An estimated 18 million Afghans are in need of humanitarian assistance and more than three million children are at risk of acute malnutrition.
Concern CEO Dominic MacSorley said the focus must be put back on the millions of people who will not get on a flight and may never cross a border.
Many aid organisations are continuing to maintain a presence in Afghanistan to assist in charitable programmes.
Speaking on RTÉ's Morning Ireland programme, Mr MacSorley said there is a greater need than ever for the United Nations, NGOs and diplomats to stay in the country as the US military withdraws, saying there is a huge fear that Afghanistan is going to slip into isolation which would be "disastrous".
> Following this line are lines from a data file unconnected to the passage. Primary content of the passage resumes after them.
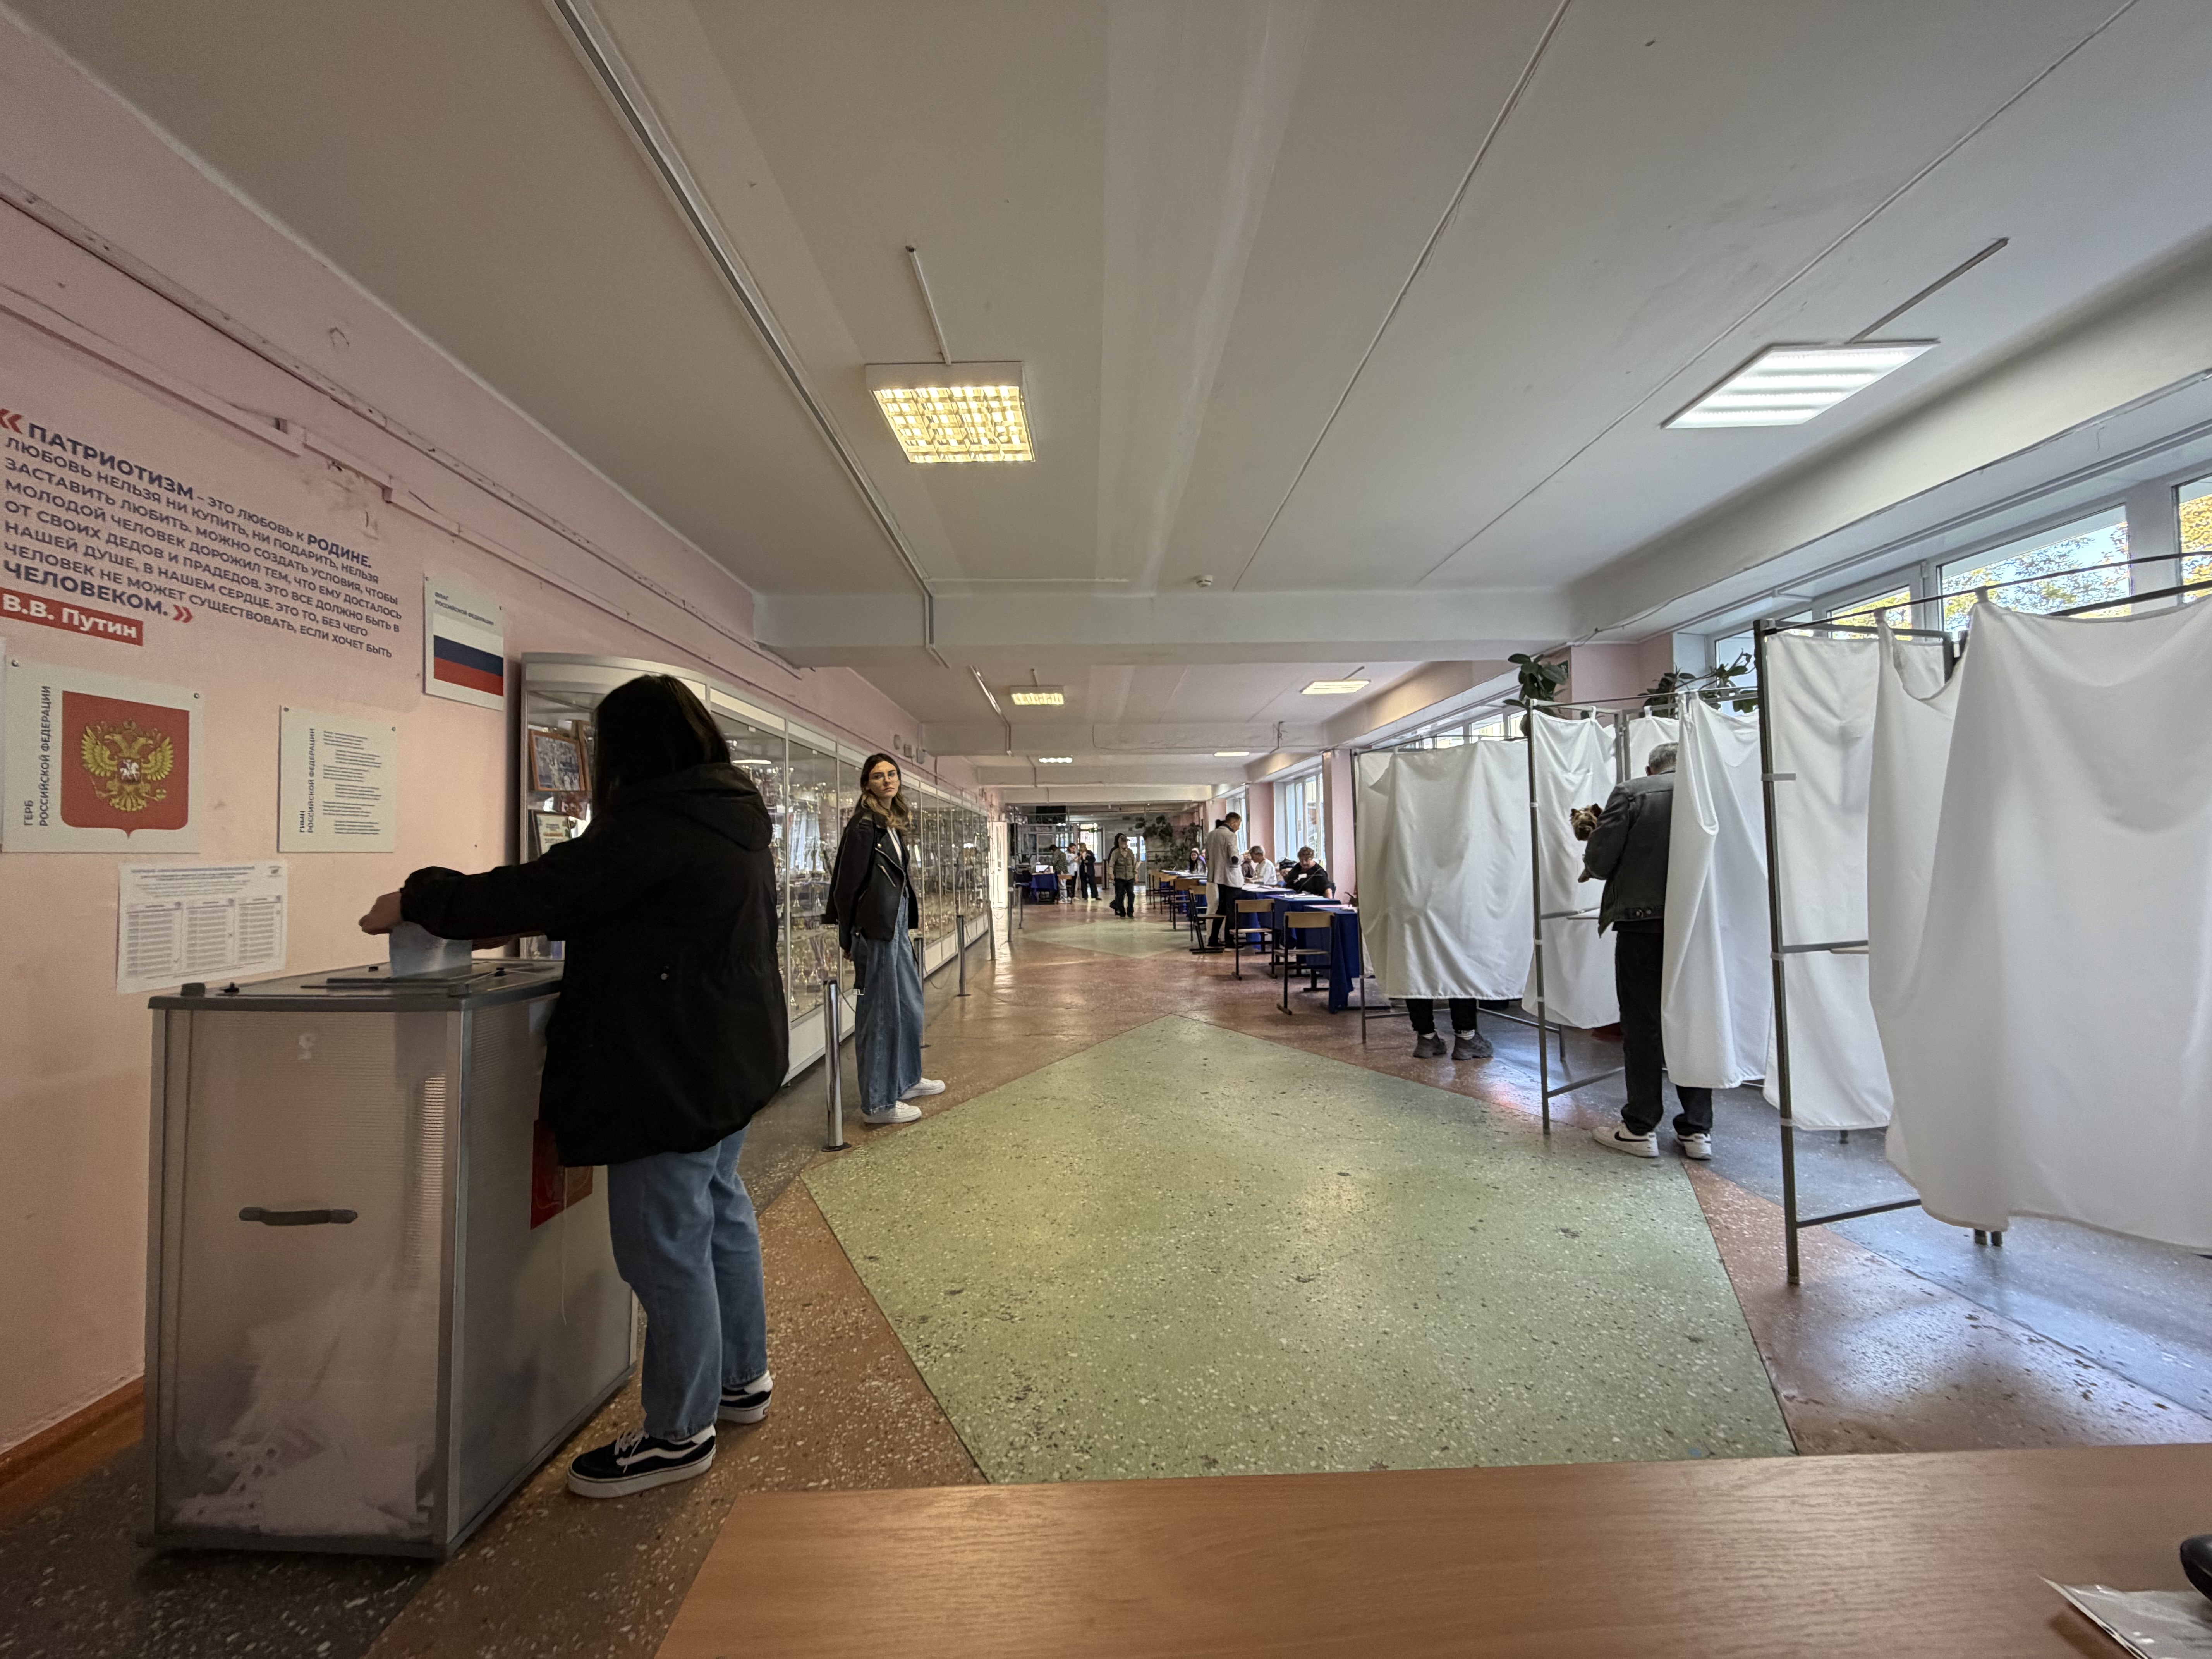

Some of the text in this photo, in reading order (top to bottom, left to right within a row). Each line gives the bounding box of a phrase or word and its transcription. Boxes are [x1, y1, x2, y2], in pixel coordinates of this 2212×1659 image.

[5, 437, 378, 584] ЛЮБОВЬ НЕЛЬЗЯ НИ КУПИТЬ, НИ ПОДАРИТЬ, НЕЛЬЗЯ
[5, 457, 398, 605] ЗАСТАВИТЬ ЛЮБИТЬ. МОЖНО СОЗДАТЬ УСЛОВИЯ, ЧТОБЫ
[5, 500, 400, 632] ОТ СВОИХ ДЕДОВ И ПРАДЕДОВ. ЭТО ВСЕ ДОЛЖНО БЫТЬ В
[6, 479, 402, 620] МОЛОДОЙ ЧЕЛОВЕК ДОРОЖИЛ ТЕМ, ЧТО ЕМУ ДОСТАЛОСЬ
[208, 497, 234, 514] ЭТО
[238, 509, 293, 537] ЛЮБОВЬ
[297, 531, 304, 541] К
[307, 534, 372, 568] РОДИНЕ.
[3, 543, 392, 658] ЧЕЛОВЕК НЕ МОЖЕТ СУЩЕСТВОВАТЬ, ЕСЛИ ХОЧЕТ БЫТЬ
[3, 594, 137, 639] В.В. Путин
[5, 520, 78, 553] НАШЕЙ
[83, 545, 139, 570] ДУШЕ,
[143, 563, 153, 574] В
[158, 567, 215, 592] НАШЕМ
[276, 602, 299, 617] ЭТО
[302, 611, 319, 624] ТО,
[322, 617, 341, 629] БЕЗ
[343, 623, 368, 637] ЧЕГО
[23, 800, 34, 826] ГЕРБ
[39, 686, 51, 826] РОССИЙСКОЙ ФЕДЕРАЦИИ
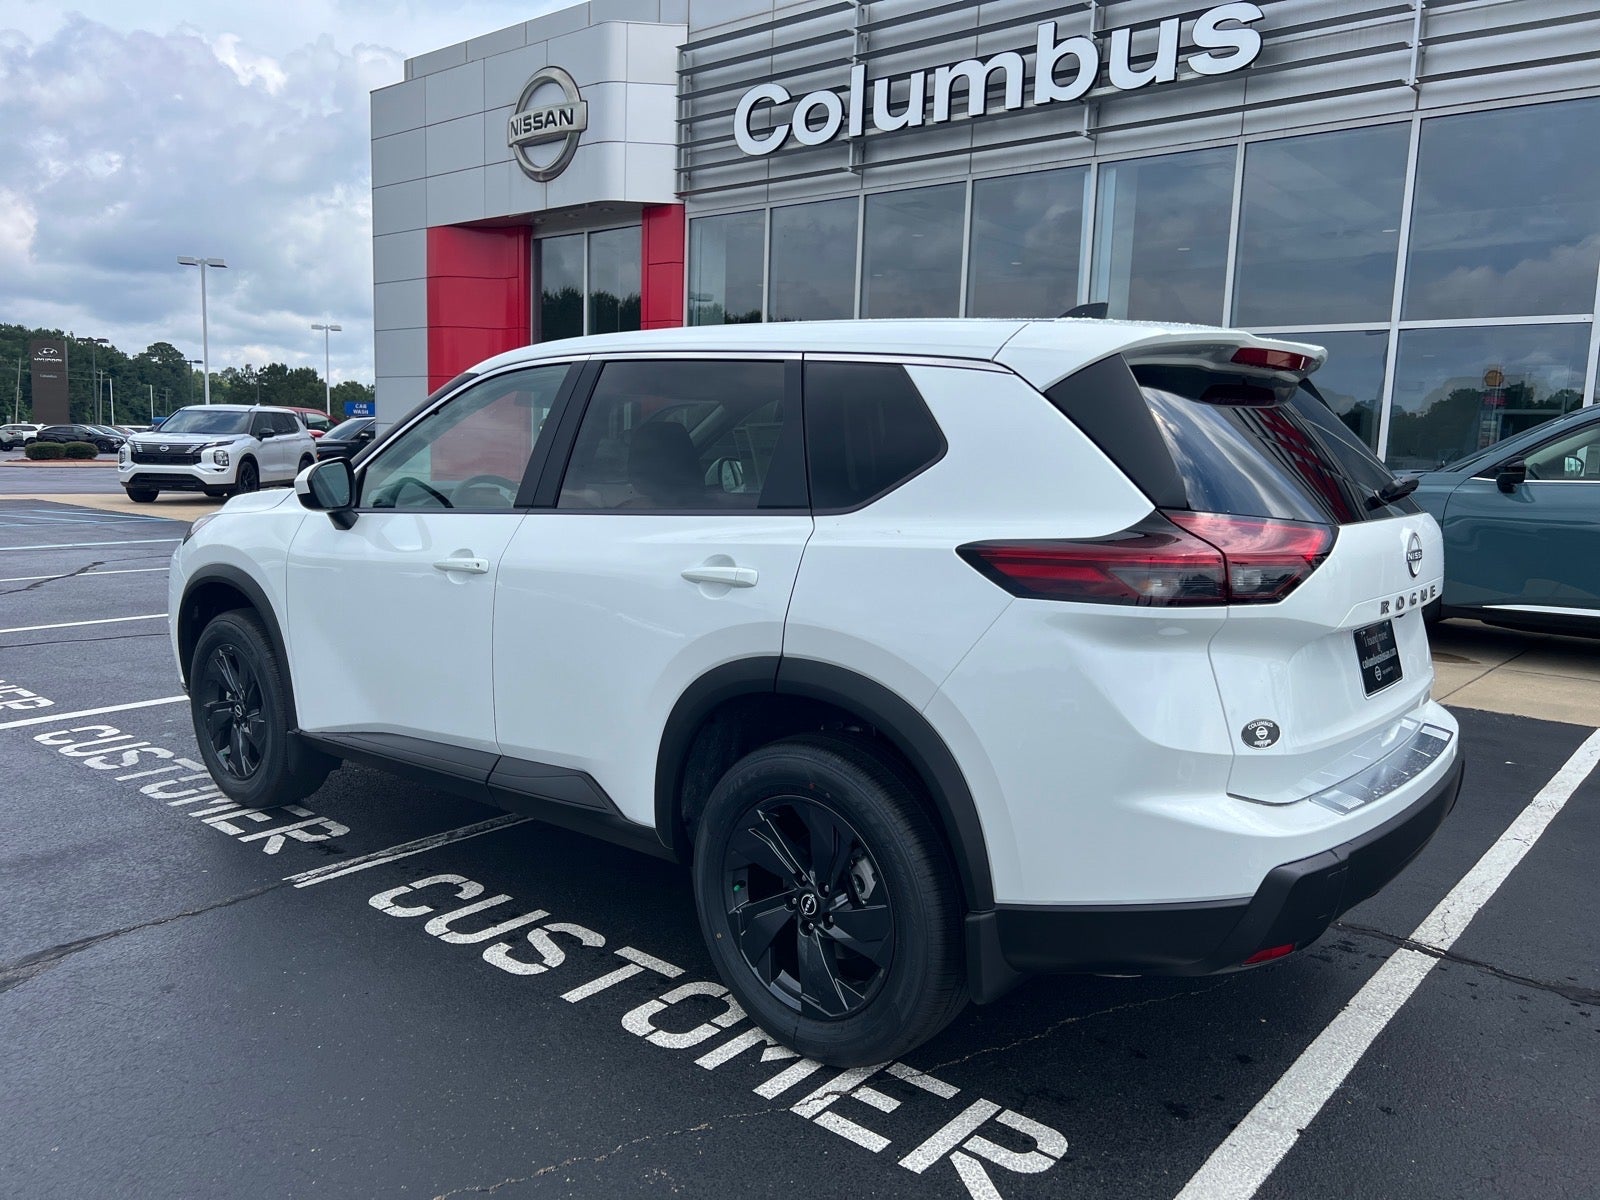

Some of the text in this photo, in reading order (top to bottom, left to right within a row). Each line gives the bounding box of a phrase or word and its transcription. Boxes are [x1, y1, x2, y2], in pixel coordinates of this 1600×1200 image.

Concern staff in Afghanistan are "cautiously back at work" but there is a huge amount of fear and anxiety, he said.
There are around 200 Concern staff members in Afghanistan and 30 are women.
Mr MacSorley said the Taliban gave assurances that NGOs can continue their work.
He said the female staff members are continuing to work - some at home and some in the office - and negotiations are ongoing to see if they can return to the communities, because the level of freedom for women is still unknown and still being worked on.
Before this latest challenge in the country, he said the humanitarian assistance appeal was only 38% funded - a shortfall of €800 million.
He called for international donors to step up, saying that billions had been spent on a failed military operation.
Mr MacSorley said the population of Afghanistan is already on its knees from a humanitarian perspective and things are only going to get worse.